▶ Task brief: Let the answer be the lines from the one with "this 1200×1600 image." to the end of the entries, copied exactly with both boundary lines kept.

[Opening Records provided section]

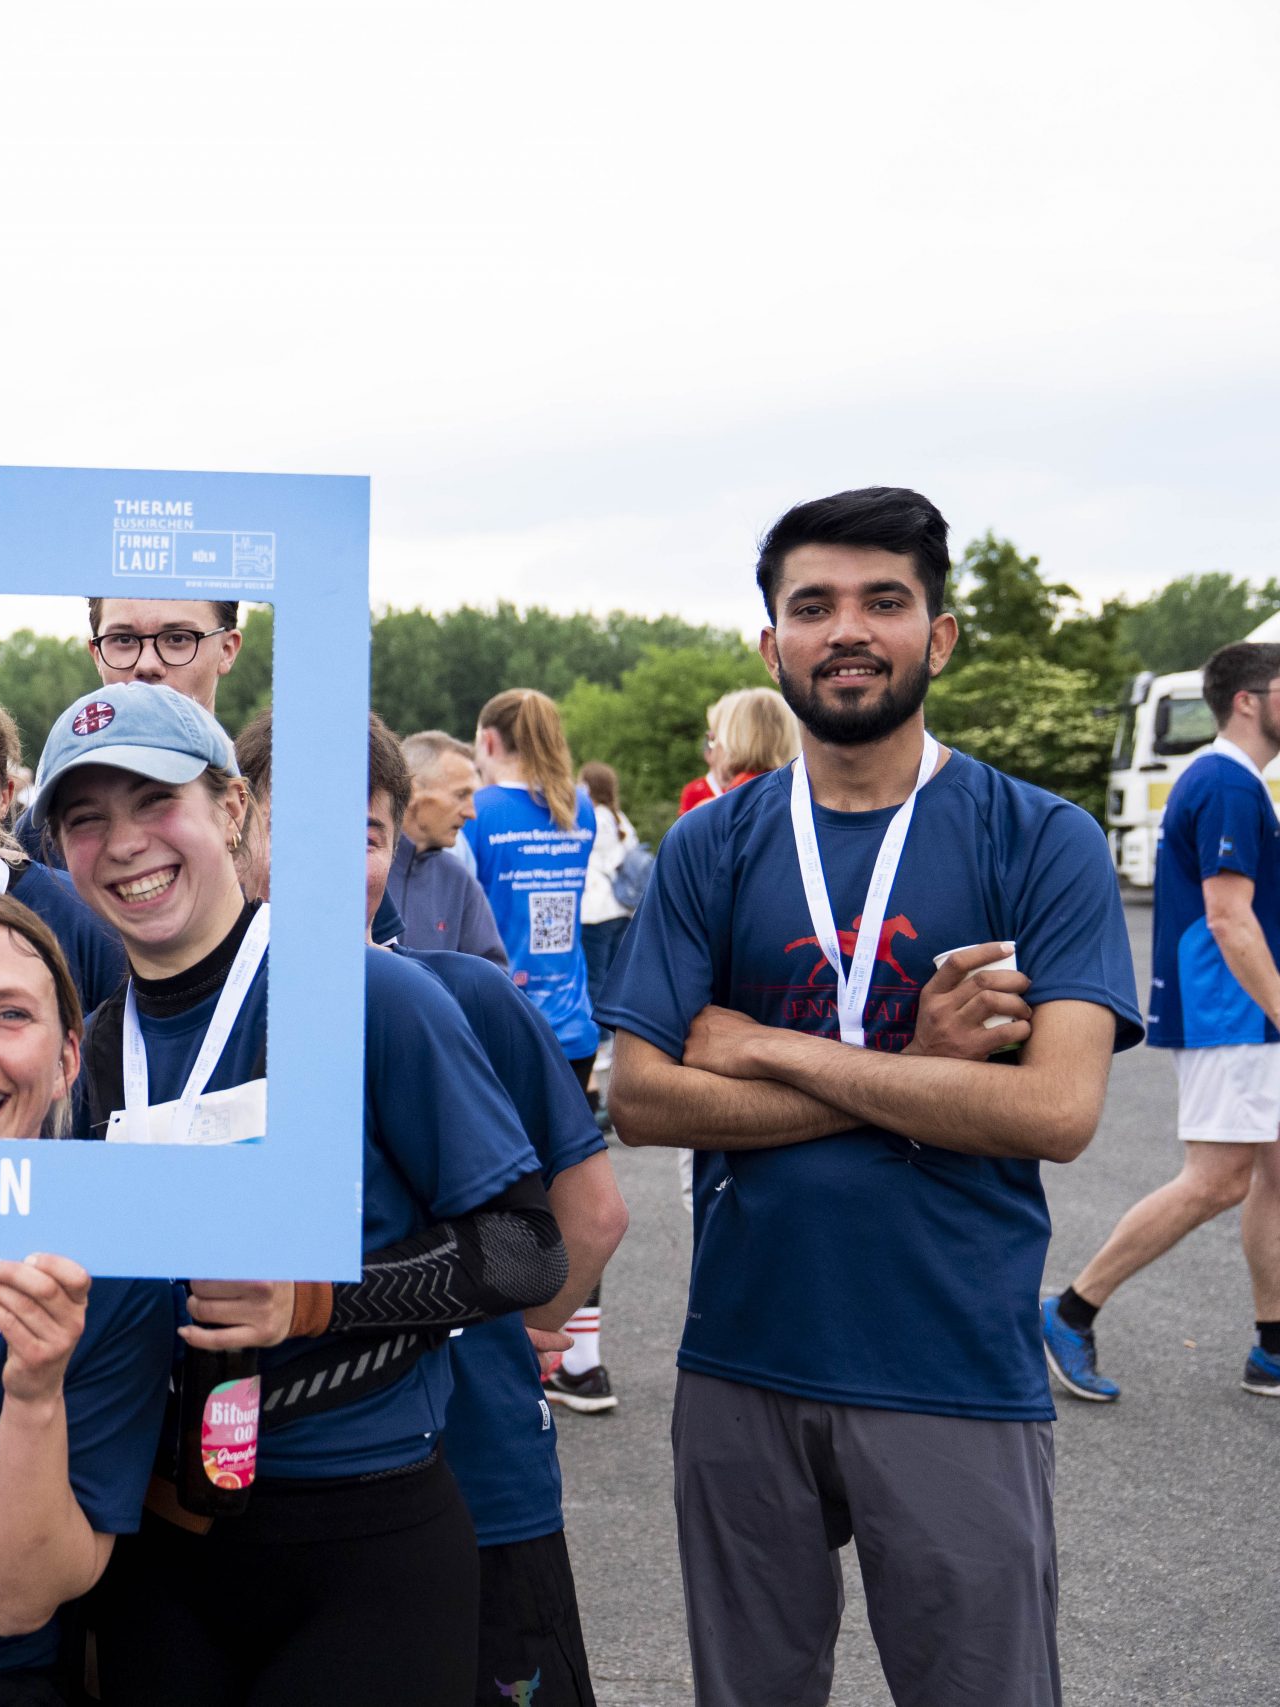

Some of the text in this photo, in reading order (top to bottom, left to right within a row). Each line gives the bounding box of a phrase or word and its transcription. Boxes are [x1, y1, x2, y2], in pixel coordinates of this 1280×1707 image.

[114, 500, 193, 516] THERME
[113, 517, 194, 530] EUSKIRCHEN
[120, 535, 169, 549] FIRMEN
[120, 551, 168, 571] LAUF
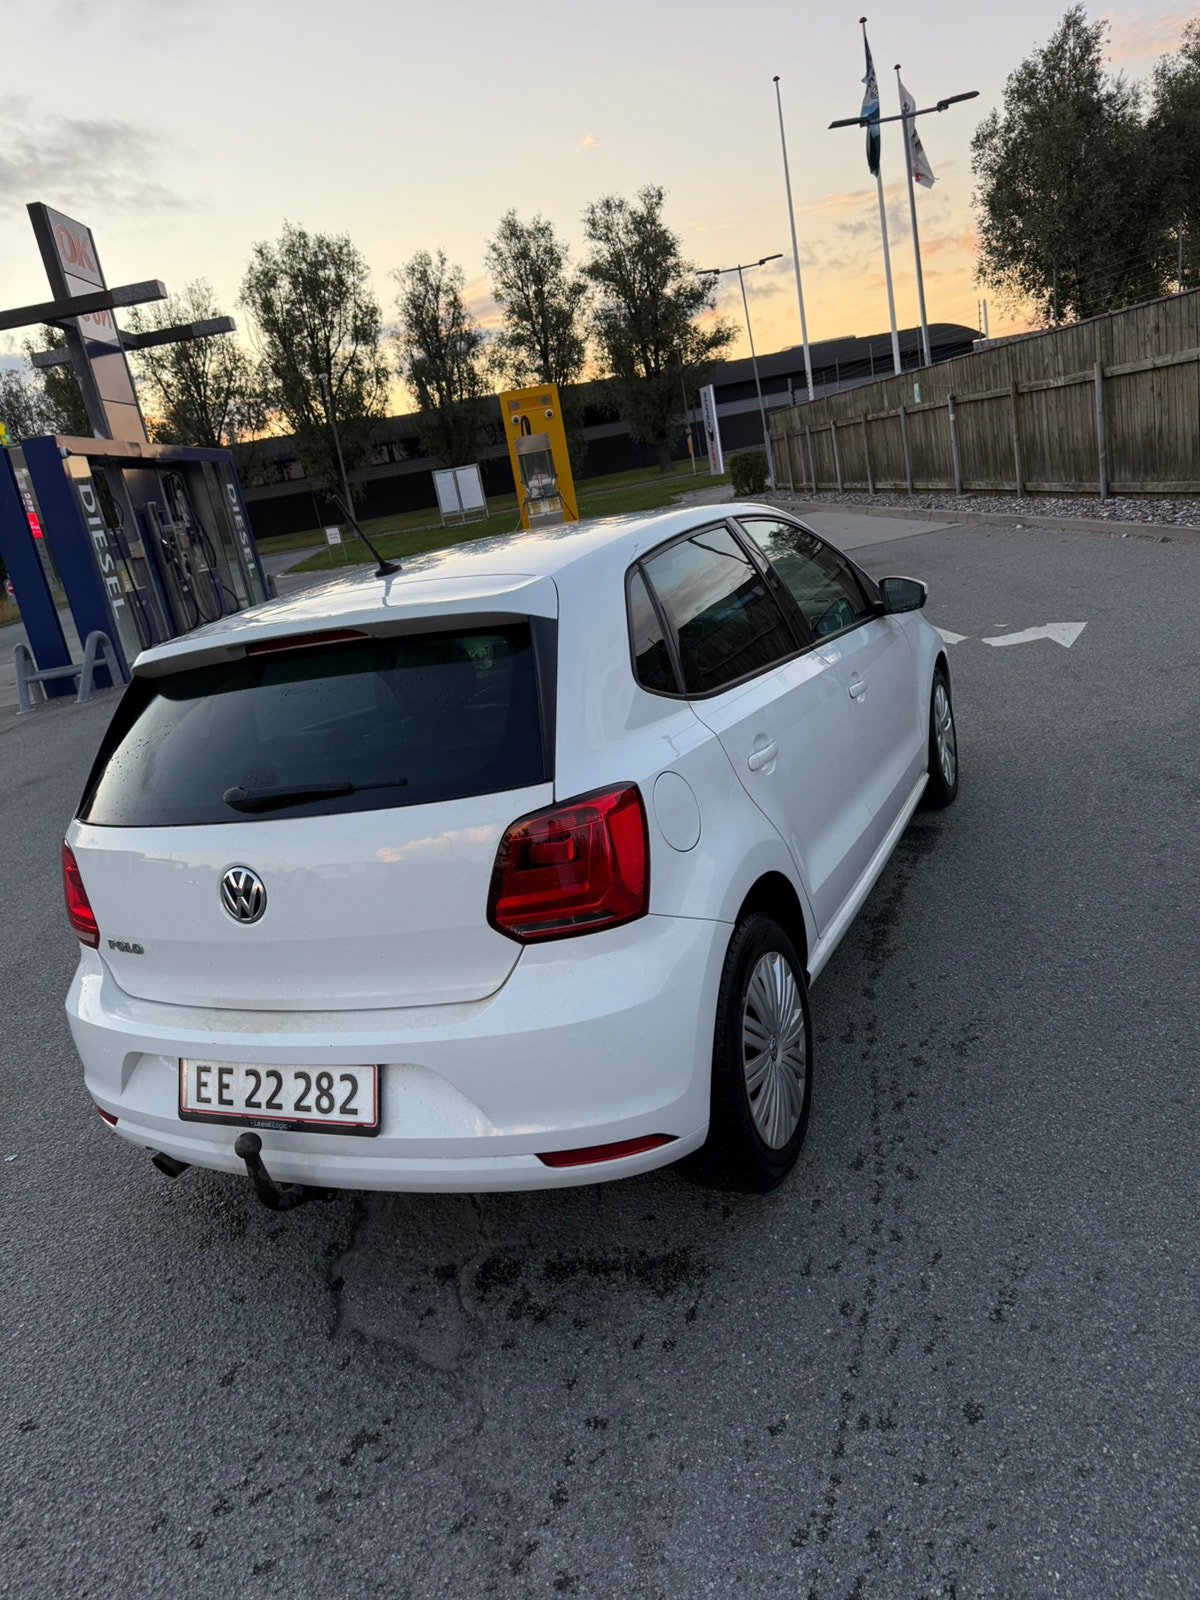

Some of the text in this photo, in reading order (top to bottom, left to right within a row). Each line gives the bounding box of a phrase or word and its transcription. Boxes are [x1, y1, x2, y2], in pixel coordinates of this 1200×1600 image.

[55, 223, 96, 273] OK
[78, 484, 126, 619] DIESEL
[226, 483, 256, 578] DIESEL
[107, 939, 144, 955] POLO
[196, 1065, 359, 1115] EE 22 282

[Closing Records provided section]

▶ Solution:
Some of the text in this photo, in reading order (top to bottom, left to right within a row). Each line gives the bounding box of a phrase or word and its transcription. Boxes are [x1, y1, x2, y2], in pixel coordinates of this 1200×1600 image.

[55, 223, 96, 273] OK
[78, 484, 126, 619] DIESEL
[226, 483, 256, 578] DIESEL
[107, 939, 144, 955] POLO
[196, 1065, 359, 1115] EE 22 282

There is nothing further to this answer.